Required action: For this exercise, write out exactly the lines of the material from the one containing "Some of the words" through the end, both ends included, and nothing more.

Supplied data:
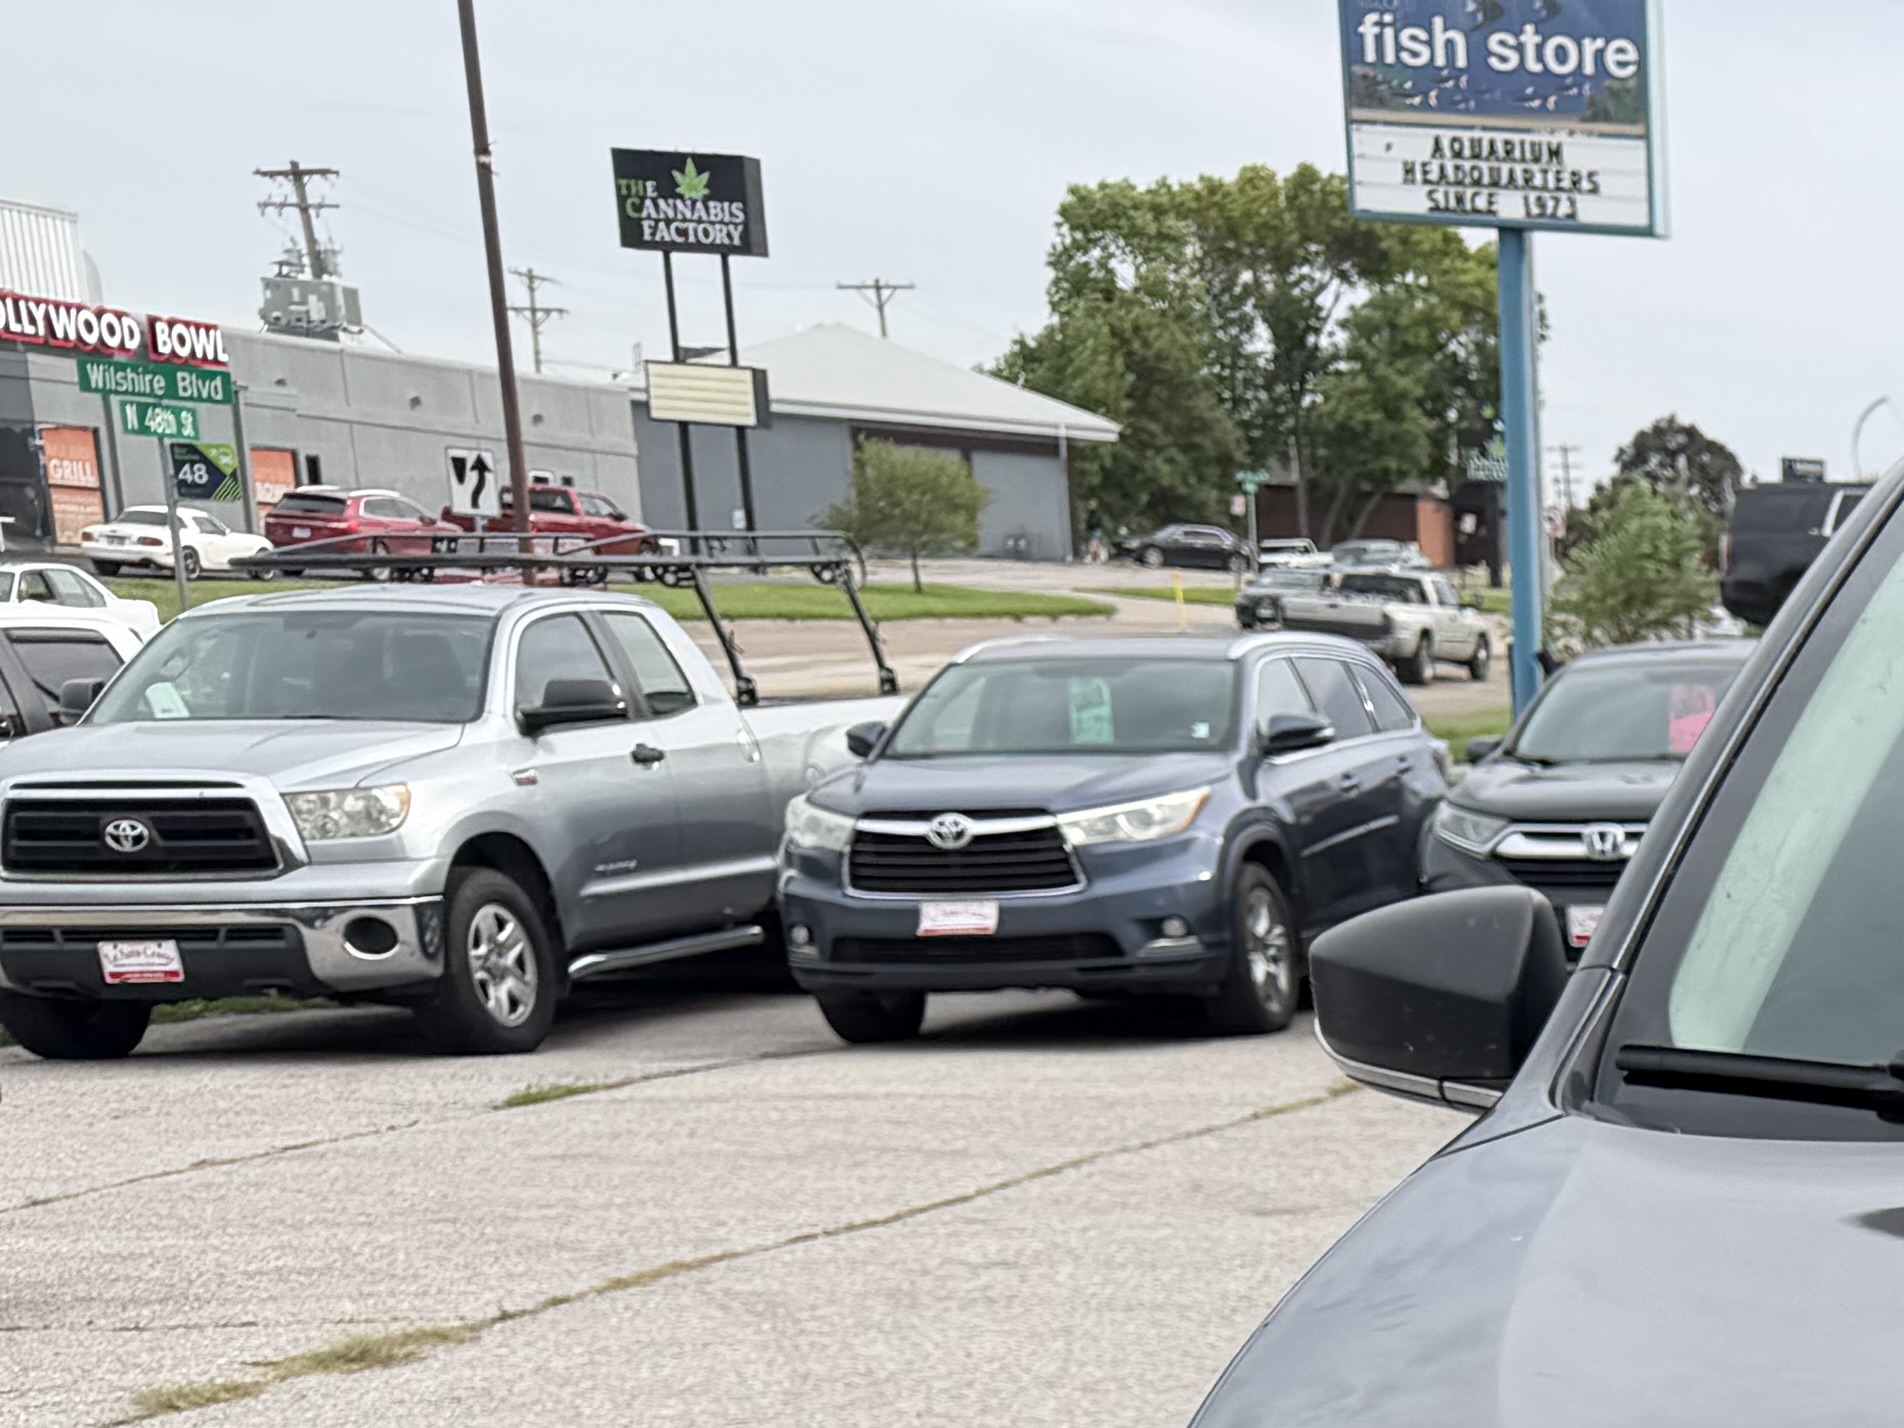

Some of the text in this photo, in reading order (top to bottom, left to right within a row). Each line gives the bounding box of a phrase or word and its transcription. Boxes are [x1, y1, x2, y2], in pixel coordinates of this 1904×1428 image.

[1357, 12, 1639, 79] fish store
[1430, 135, 1563, 165] AQUARIUM
[618, 179, 657, 197] THE
[1401, 160, 1600, 195] HEADQUARTERS
[625, 197, 746, 223] CANNABIS
[1425, 189, 1498, 215] SINCE
[641, 220, 744, 246] FACTORY
[154, 321, 229, 362] BOWL
[86, 363, 224, 400] Wilshire Blvd
[125, 404, 196, 437] N 48th St
[50, 459, 96, 481] GRILL
[178, 462, 209, 485] 48
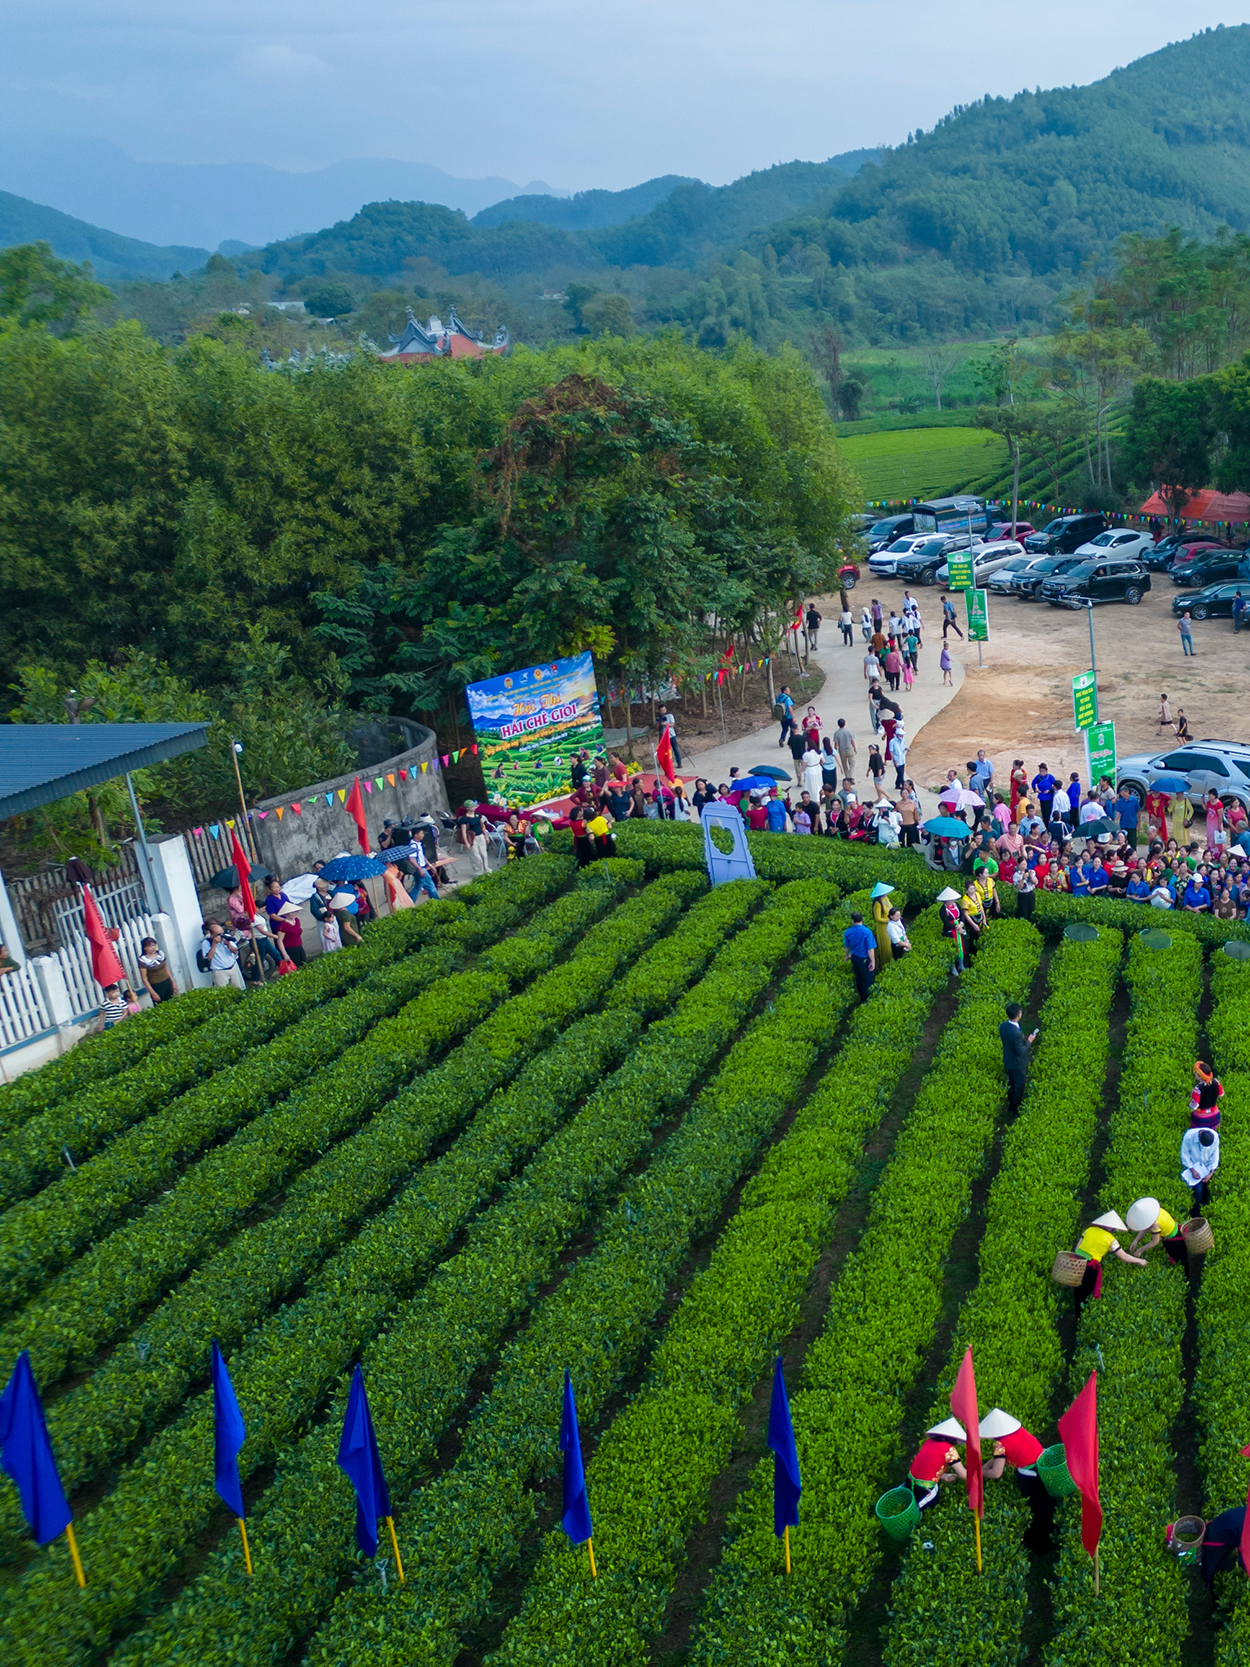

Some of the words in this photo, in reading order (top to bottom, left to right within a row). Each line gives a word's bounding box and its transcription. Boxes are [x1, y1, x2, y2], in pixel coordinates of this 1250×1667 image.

[512, 701, 536, 716] Hội
[540, 692, 561, 708] Thi
[502, 721, 523, 737] HÁI
[526, 711, 548, 728] CHÈ

Response area:
Some of the words in this photo, in reading order (top to bottom, left to right within a row). Each line gives a word's bounding box and its transcription. Boxes are [x1, y1, x2, y2], in pixel coordinates of this 1250×1667 image.

[512, 701, 536, 716] Hội
[540, 692, 561, 708] Thi
[502, 721, 523, 737] HÁI
[526, 711, 548, 728] CHÈ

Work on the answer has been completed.